** Available data follows **

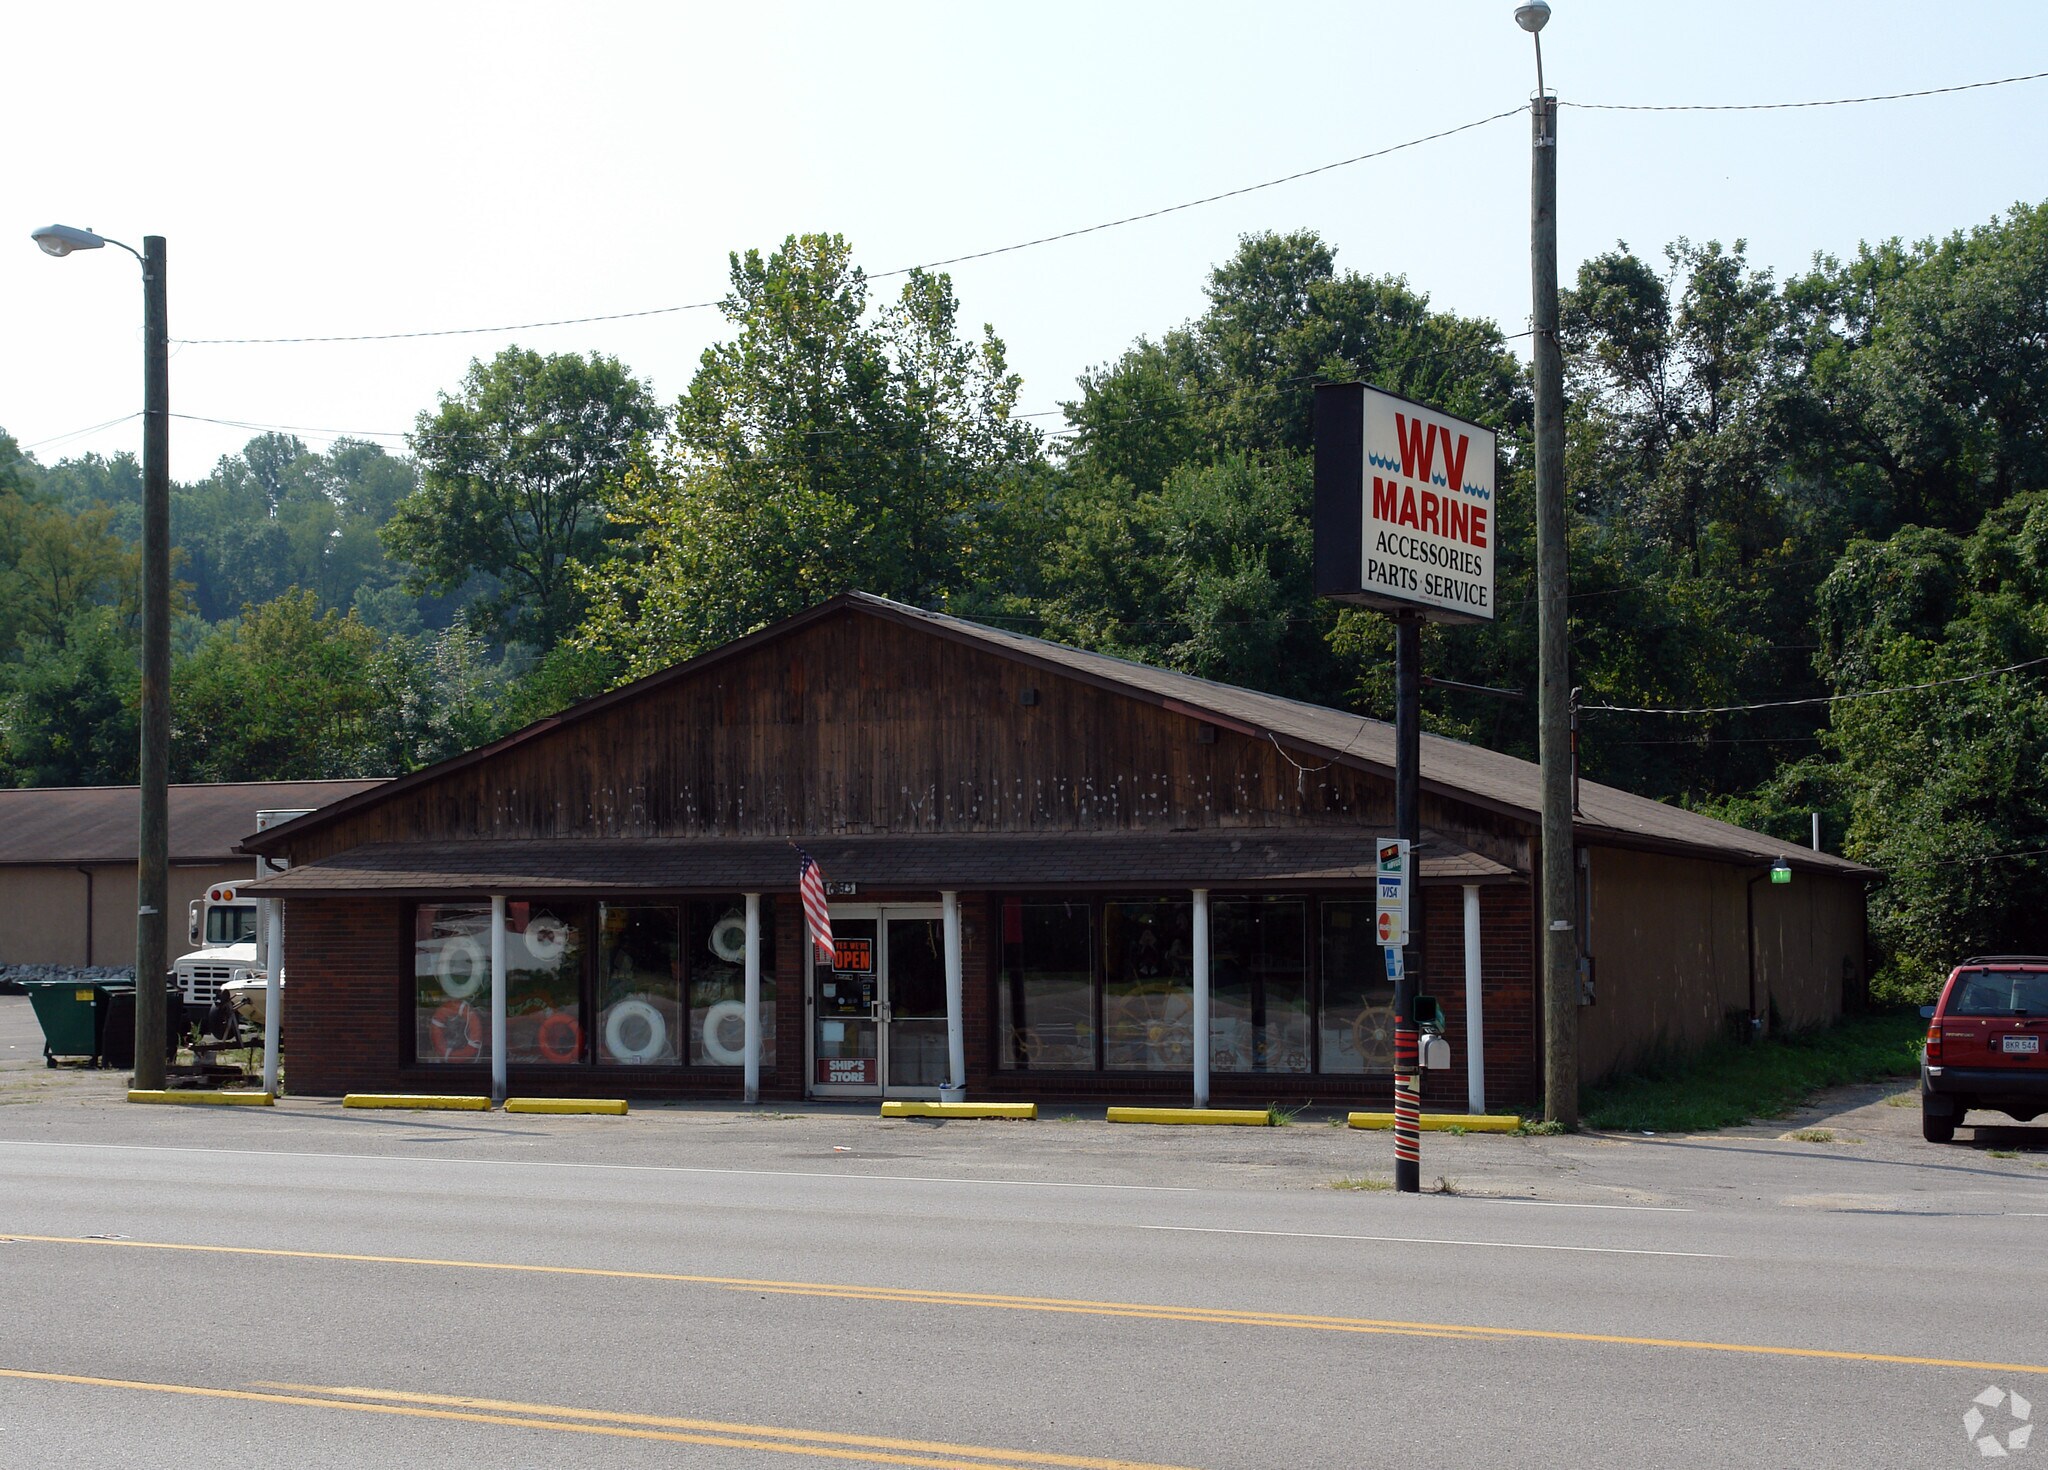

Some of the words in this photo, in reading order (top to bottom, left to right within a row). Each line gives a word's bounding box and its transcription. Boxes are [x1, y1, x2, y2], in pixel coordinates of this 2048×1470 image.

[1395, 412, 1469, 492] WV
[1373, 476, 1487, 548] MARINE
[1376, 531, 1482, 577] ACCESSORIES
[1368, 559, 1418, 591] PARTS
[1425, 573, 1488, 607] SERVICE
[1382, 886, 1398, 898] VISA
[834, 950, 870, 969] OPEN
[829, 1060, 865, 1071] SHIP'S
[829, 1072, 865, 1083] STORE

** End of Available data **

> Task brief: Would you return the records exactly, keeping out every picture?

> Exercise result:
Some of the words in this photo, in reading order (top to bottom, left to right within a row). Each line gives a word's bounding box and its transcription. Boxes are [x1, y1, x2, y2], in pixel coordinates of this 2048×1470 image.

[1395, 412, 1469, 492] WV
[1373, 476, 1487, 548] MARINE
[1376, 531, 1482, 577] ACCESSORIES
[1368, 559, 1418, 591] PARTS
[1425, 573, 1488, 607] SERVICE
[1382, 886, 1398, 898] VISA
[834, 950, 870, 969] OPEN
[829, 1060, 865, 1071] SHIP'S
[829, 1072, 865, 1083] STORE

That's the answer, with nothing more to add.